*** Opening of Record excerpts ***
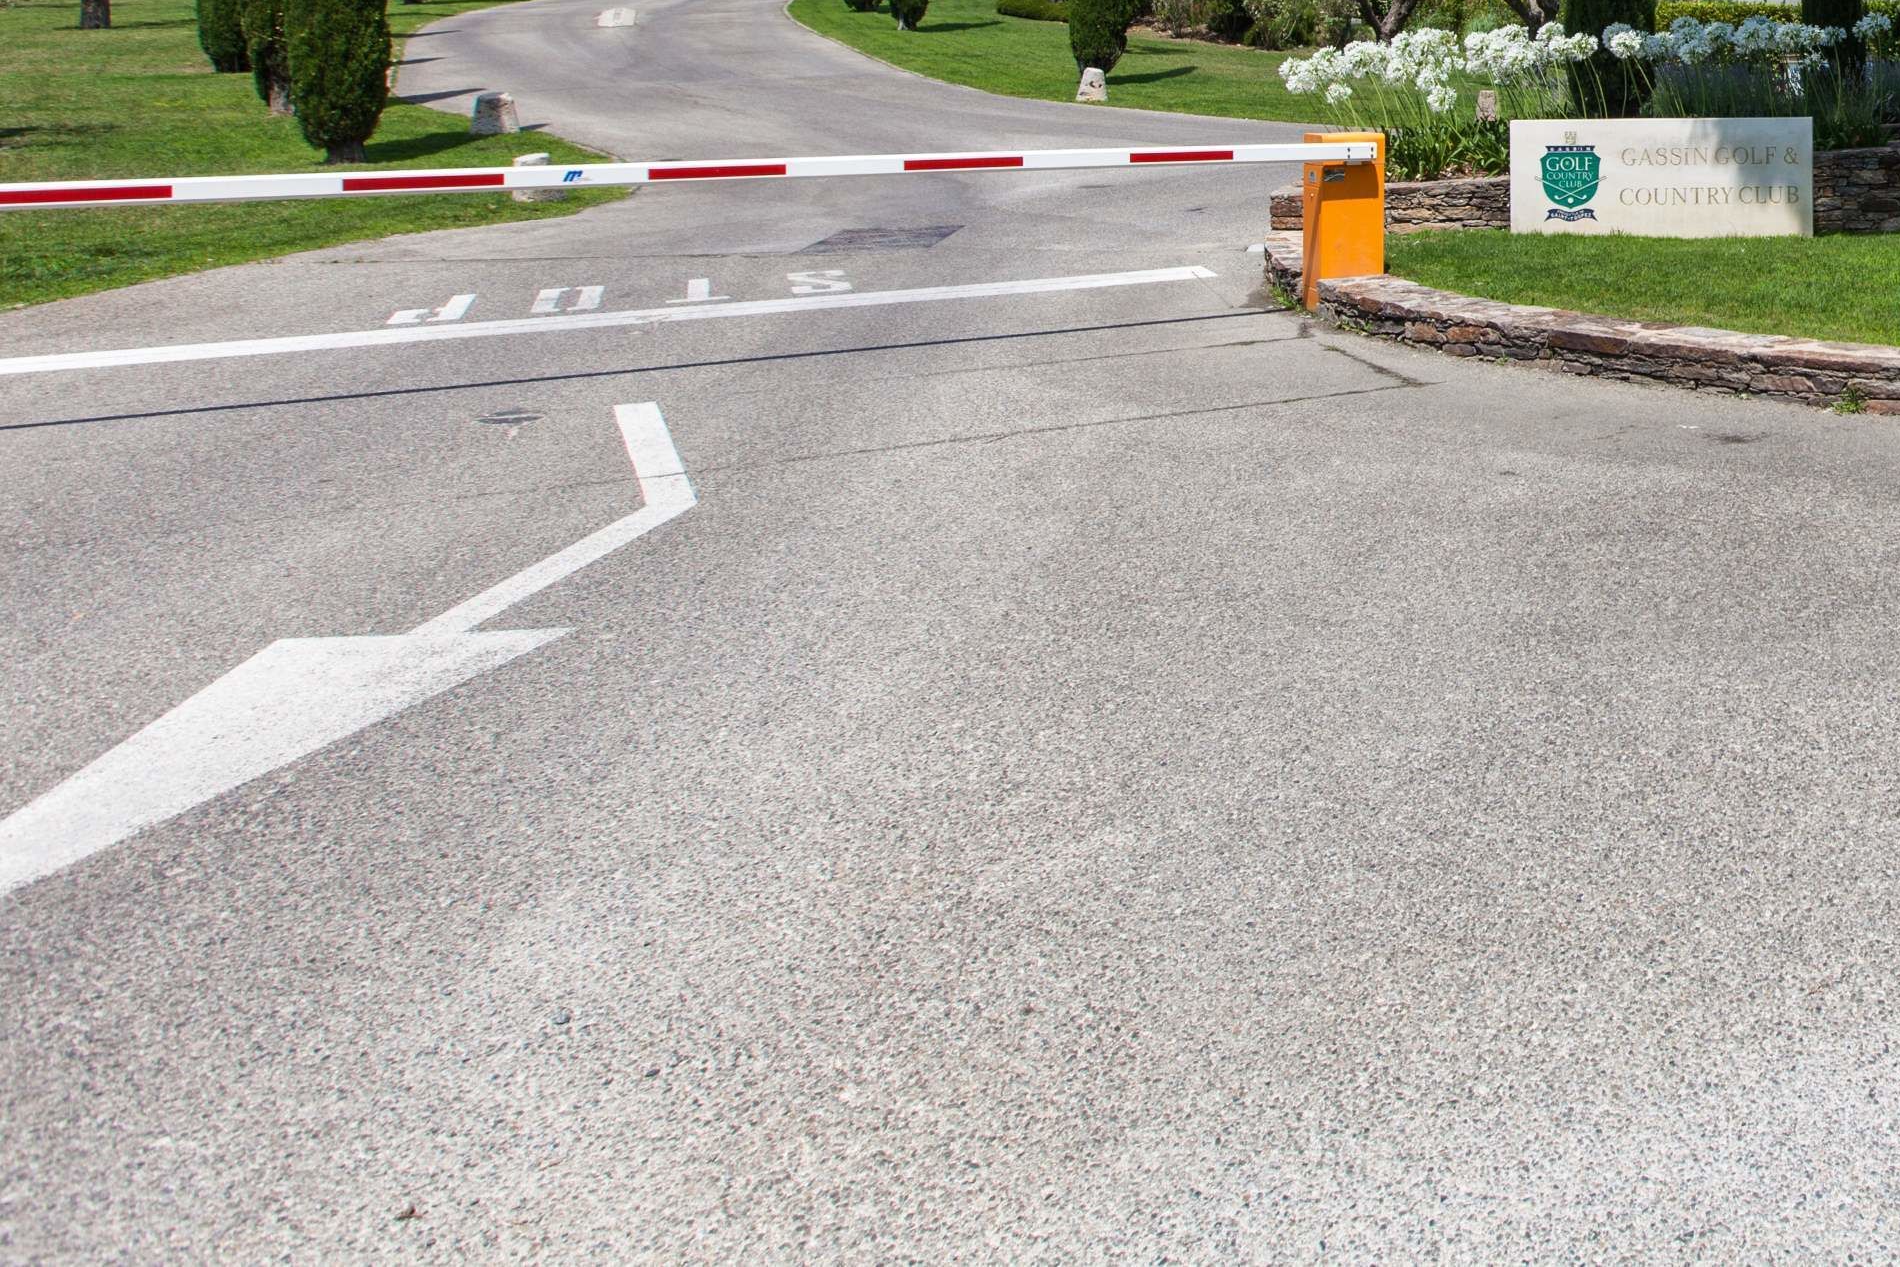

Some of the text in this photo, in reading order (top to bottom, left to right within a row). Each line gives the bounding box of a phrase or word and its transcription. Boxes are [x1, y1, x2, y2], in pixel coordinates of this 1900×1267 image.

[1546, 156, 1593, 172] GOLF
[1714, 146, 1777, 166] GOLF
[1783, 146, 1799, 165] &
[1546, 171, 1594, 182] COUNTRY
[1558, 179, 1583, 188] CLUB
[1619, 185, 1800, 207] COUNTRY CLUB
[386, 269, 852, 326] STOP
*** Close of Record excerpts ***
Produce the full material again verbatim, with the pictures dropped.

Written response:
Some of the text in this photo, in reading order (top to bottom, left to right within a row). Each line gives the bounding box of a phrase or word and its transcription. Boxes are [x1, y1, x2, y2], in pixel coordinates of this 1900×1267 image.

[1546, 156, 1593, 172] GOLF
[1714, 146, 1777, 166] GOLF
[1783, 146, 1799, 165] &
[1546, 171, 1594, 182] COUNTRY
[1558, 179, 1583, 188] CLUB
[1619, 185, 1800, 207] COUNTRY CLUB
[386, 269, 852, 326] STOP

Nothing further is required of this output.